**About this exercise:** Everything in the listing below has to be repeated exactly, except the pictures.

===============

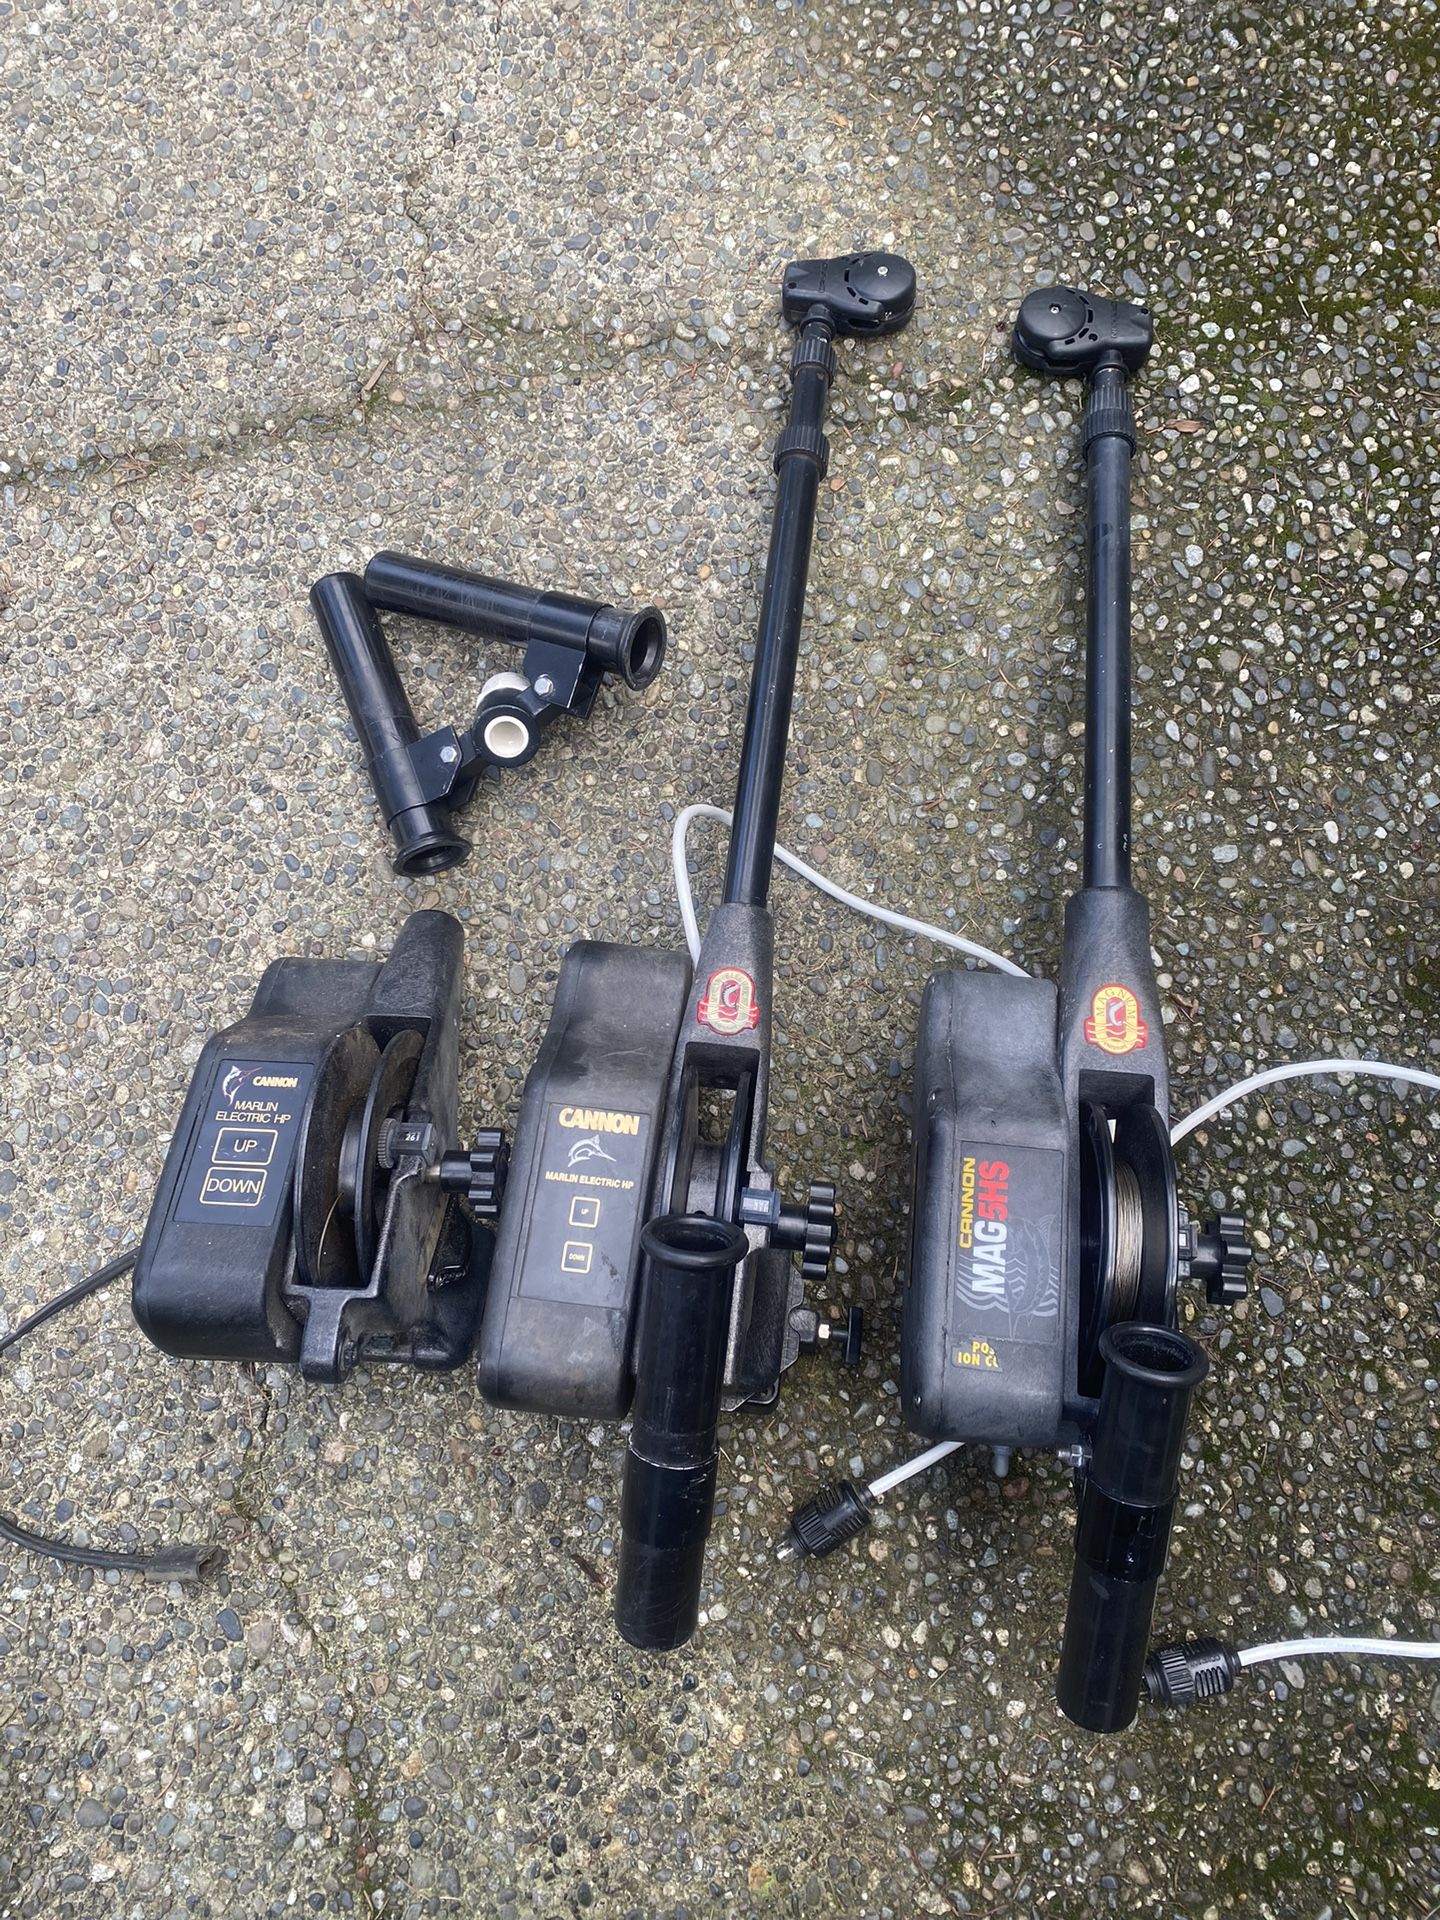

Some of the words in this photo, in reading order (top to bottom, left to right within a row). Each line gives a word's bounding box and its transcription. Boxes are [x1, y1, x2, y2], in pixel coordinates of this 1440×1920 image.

[252, 1076, 298, 1088] CANNON
[234, 1100, 279, 1112] MARLIN
[215, 1110, 271, 1123] ELECTRIC
[273, 1113, 292, 1124] HP
[559, 1107, 640, 1135] CANNON
[233, 1139, 258, 1152] UP
[206, 1178, 261, 1194] DOWN
[545, 1171, 578, 1182] MARLIN
[579, 1175, 621, 1188] ELECTRIC
[621, 1180, 634, 1190] HP
[959, 1157, 976, 1249] CANNON
[581, 1207, 589, 1215] UP
[569, 1252, 585, 1261] DOWN
[958, 1351, 980, 1366] ION
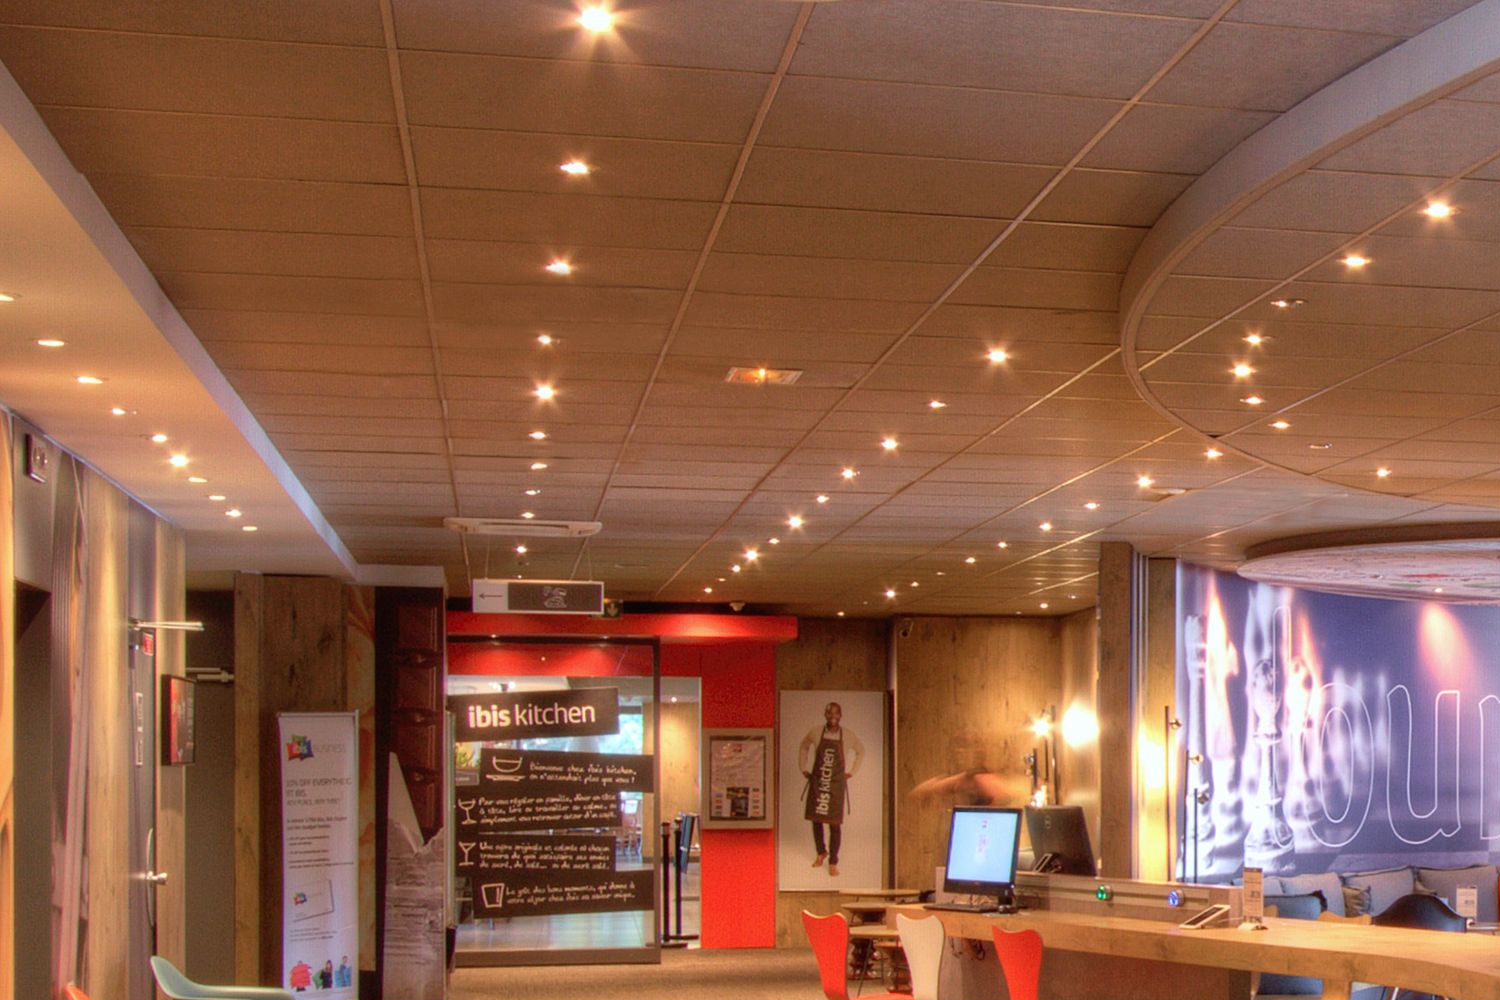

===============

**Output of the task:**
Some of the words in this photo, in reading order (top to bottom, left to right within a row). Each line gives a word's bounding box and its transcription. Boxes are [x1, y1, x2, y2], in pixel coordinates of this 1440×1920 image.

[252, 1076, 298, 1088] CANNON
[234, 1100, 279, 1112] MARLIN
[215, 1110, 271, 1123] ELECTRIC
[273, 1113, 292, 1124] HP
[559, 1107, 640, 1135] CANNON
[233, 1139, 258, 1152] UP
[206, 1178, 261, 1194] DOWN
[545, 1171, 578, 1182] MARLIN
[579, 1175, 621, 1188] ELECTRIC
[621, 1180, 634, 1190] HP
[959, 1157, 976, 1249] CANNON
[581, 1207, 589, 1215] UP
[569, 1252, 585, 1261] DOWN
[958, 1351, 980, 1366] ION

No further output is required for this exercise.